Since then, Schmieding built Arthrex into one of the largest manufacturers of arthroscopic surgical devices in the world with $690 million in annual revenues last year and 800 employees. It's an accomplishment that made him the Review's Entrepreneur of the Year for the Lee-Collier region in 2008.

So it's probably a good idea to heed what Schmieding has to say when it comes to economic growth. He told a gathering of executives recently that nurturing entrepreneurial firms like Arthrex will do more to boost the local economy than chasing after large publicly traded companies that economic development groups and politicians often lust over.

In a rare move for the secretive company, Schmieding recently allowed visitors to tour Arthrex' headquarters as part of a program celebrating local companies by the Economic Development Council of Collier County.

But Schmieding warned that Collier is a “growth-averse community” and that fact presents a hurdle for industry recruiters. “We have to be aware of that,” Schmieding says.

Collier County is widely regarded as one of the most anti-growth areas on the Gulf Coast. For example, it imposes the highest taxes on new construction in the state and has a Byzantine permitting process that keeps all but the best-financed investors away.

Other challenges include expensive real estate, a high cost of living, the lack of a trained high-tech workforce and few incentives.

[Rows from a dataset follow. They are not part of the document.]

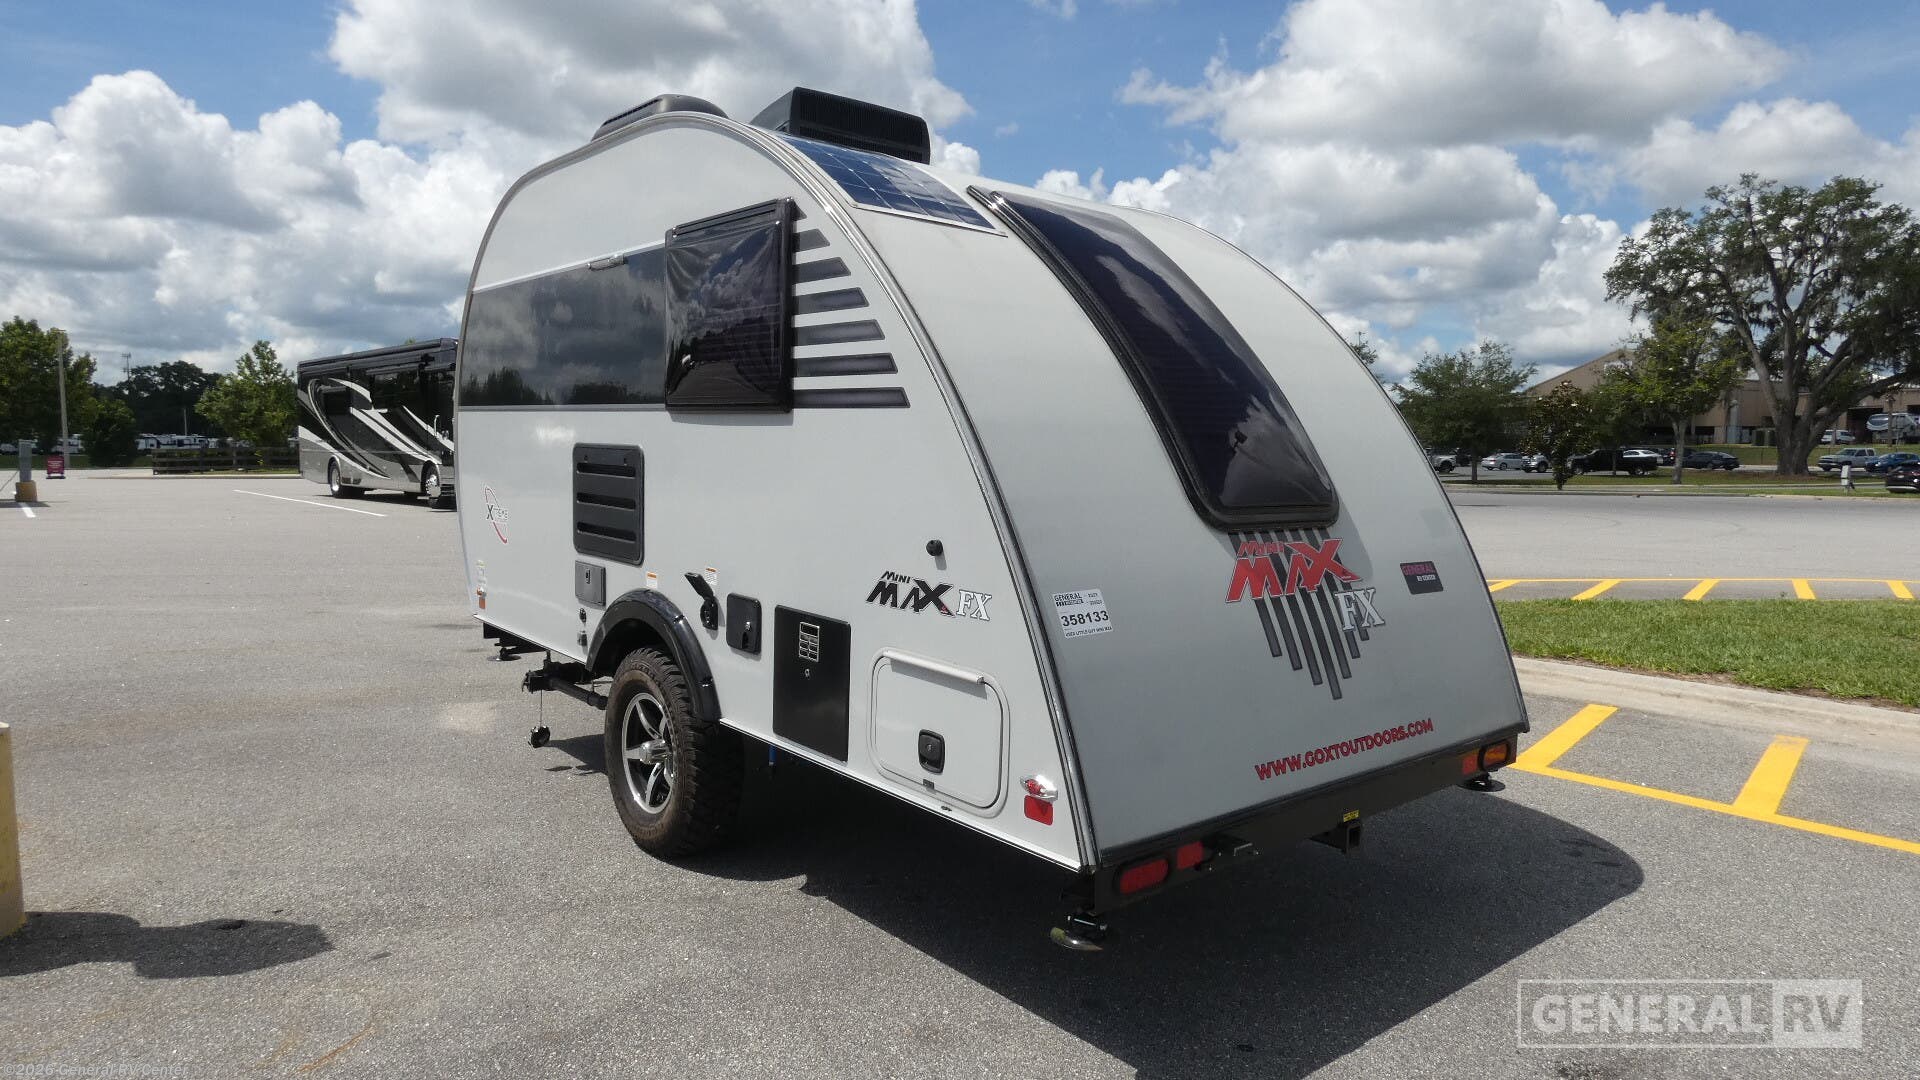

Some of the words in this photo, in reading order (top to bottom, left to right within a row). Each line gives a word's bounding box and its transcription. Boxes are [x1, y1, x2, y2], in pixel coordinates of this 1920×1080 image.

[881, 571, 910, 583] MINI
[1225, 538, 1362, 603] MAX
[865, 578, 954, 617] MAX
[956, 589, 992, 621] FX
[1060, 610, 1109, 627] 358133
[1334, 588, 1385, 631] FX

These hurdles make it prohibitive for publicly traded companies intensely focused on quarterly profits to move to the Naples area.

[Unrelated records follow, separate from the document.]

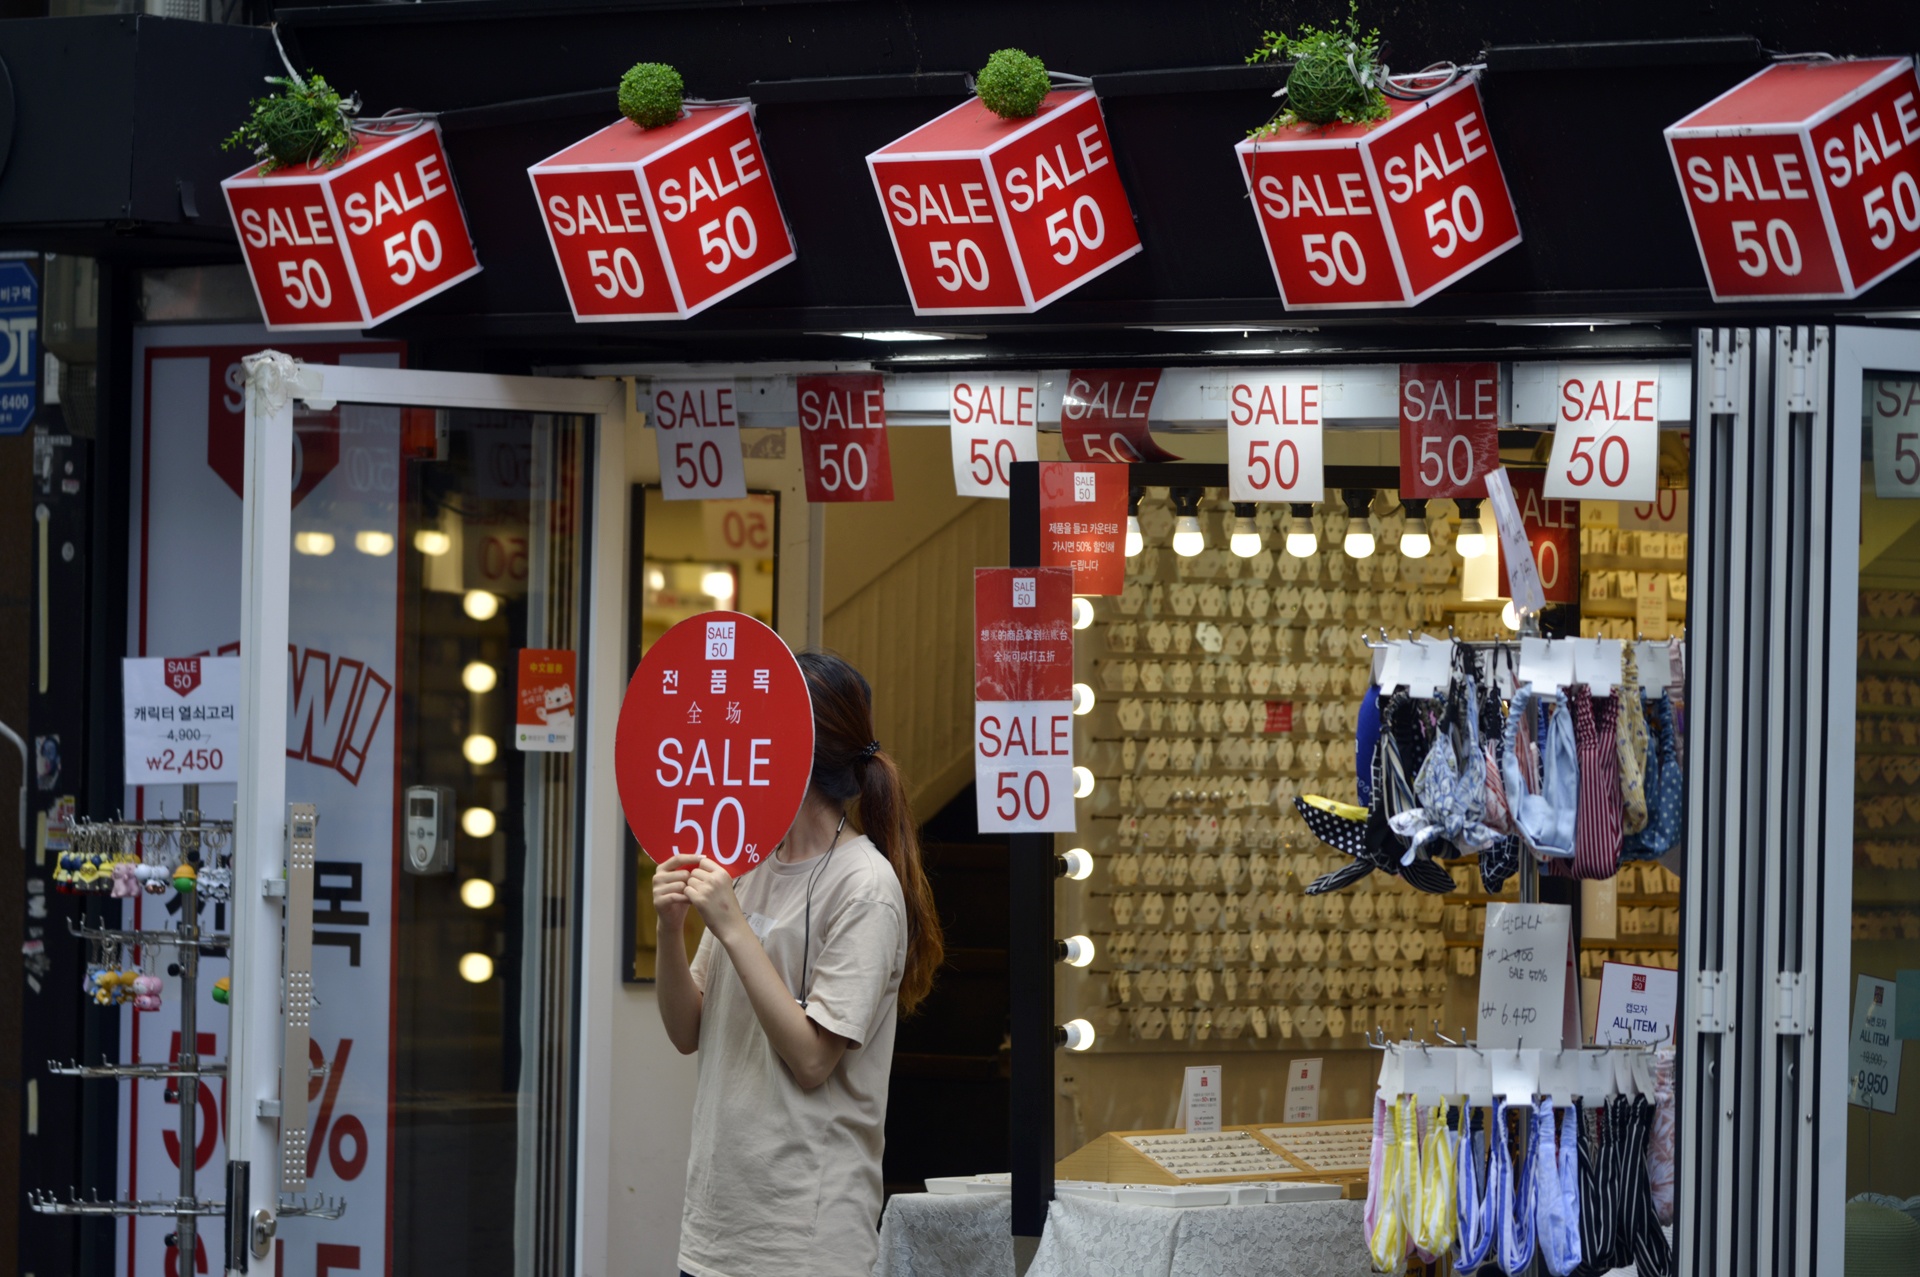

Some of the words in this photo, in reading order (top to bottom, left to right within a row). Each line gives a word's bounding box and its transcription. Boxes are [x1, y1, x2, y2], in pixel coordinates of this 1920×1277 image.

[1384, 112, 1487, 204] SALE
[1823, 91, 1920, 188] SALE
[658, 138, 761, 222] SALE
[1005, 124, 1108, 213] SALE
[1687, 153, 1809, 204] SALE
[344, 154, 447, 235] SALE
[548, 193, 647, 236] SALE
[889, 182, 993, 227] SALE
[1258, 173, 1372, 220] SALE
[1863, 171, 1920, 251] 50
[241, 205, 333, 249] SALE
[698, 205, 758, 275] 50
[1045, 195, 1105, 266] 50
[1425, 184, 1485, 259] 50
[383, 219, 443, 286] 50
[929, 238, 989, 291] 50
[1301, 231, 1367, 286] 50
[1731, 218, 1802, 277] 50
[278, 258, 332, 309] 50
[587, 247, 645, 298] 50
[656, 388, 736, 431] SALE
[801, 389, 883, 431] SALE
[952, 383, 1034, 426] SALE
[1065, 379, 1155, 420] SALE
[1231, 384, 1319, 426] SALE
[1403, 379, 1494, 422] SALE
[1561, 378, 1654, 422] SALE
[676, 440, 724, 489] 50
[819, 442, 869, 492] 50
[970, 438, 1018, 488] 50
[1075, 476, 1094, 486] SALE
[1247, 439, 1299, 490] 50
[1419, 434, 1474, 487] 50
[1566, 435, 1630, 488] 50
[1079, 489, 1090, 500] 50
[1513, 487, 1576, 529] ALE
[1049, 522, 1071, 534] 제품을
[1073, 523, 1088, 534] 들고
[1090, 523, 1119, 535] 카운터로
[1052, 541, 1074, 553] 가시면
[1076, 541, 1092, 552] 50%
[1093, 541, 1115, 553] 할인해
[1014, 582, 1034, 592] SALE
[1070, 559, 1099, 571] 드립니다
[1529, 541, 1559, 589] 0
[1018, 594, 1030, 605] 50
[707, 627, 734, 640] SALE
[711, 642, 728, 657] 50
[168, 661, 197, 673] SALE
[173, 674, 192, 689] 50
[134, 706, 174, 721] 캐릭터
[179, 705, 234, 721] 열쇠고리
[167, 729, 201, 742] 4,900
[979, 715, 1069, 758] SALE
[146, 749, 223, 774] ₩2,450
[656, 737, 771, 788] SALE
[996, 770, 1050, 821] 50
[1509, 966, 1524, 980] SALE
[1632, 975, 1646, 983] SALE
[1634, 982, 1643, 990] 50
[1613, 1016, 1629, 1029] ALL
[1633, 1019, 1657, 1033] ITEM
[1860, 1029, 1871, 1043] ALL
[1872, 1033, 1889, 1047] ITEM

“We're almost disqualified from going after these companies,” Schmieding says.

However, Schmieding says industry recruiters may have better luck attracting and retaining privately held firms where the owner can make a decision to expand without profit-obsessed shareholders holding him back. Some companies can do business from any location, especially in the high-tech arena.

At Arthrex, for example, Schmieding says he can make long-term decisions that may not be immediately profitable but helps surgeon customers and the company in the long run. “We don't have analysts or investors who push us to compromise,” he says.

Relocation costs were difficult during the boom because homes were so expensive in Naples, but now it's hard to attract employees from outside the region because they can't sell homes where they currently live. At this moment,
Arthrex has 60 job openings available and will advertise another 60 in the next six months, Schmieding says.

But despite the high costs and challenge recruiting technical labor, it's still less expensive to manufacture surgical equipment in Naples than it is in Europe in large part because of the relatively weak dollar. European firms may gain an advantage by establishing operations in Naples. “There's no reason why we can't do it here,” Schmieding says.

Offsetting high costs is Naples' environment. Arthrex trains thousands of surgeons in its Naples labs, and the location near golf and beaches is a big selling point. “Consider other types of companies that need to entertain customers,” Schmieding says.

Family ties may be one of the biggest draws to Naples, however. “My mother and brother lived here,” Schmieding says.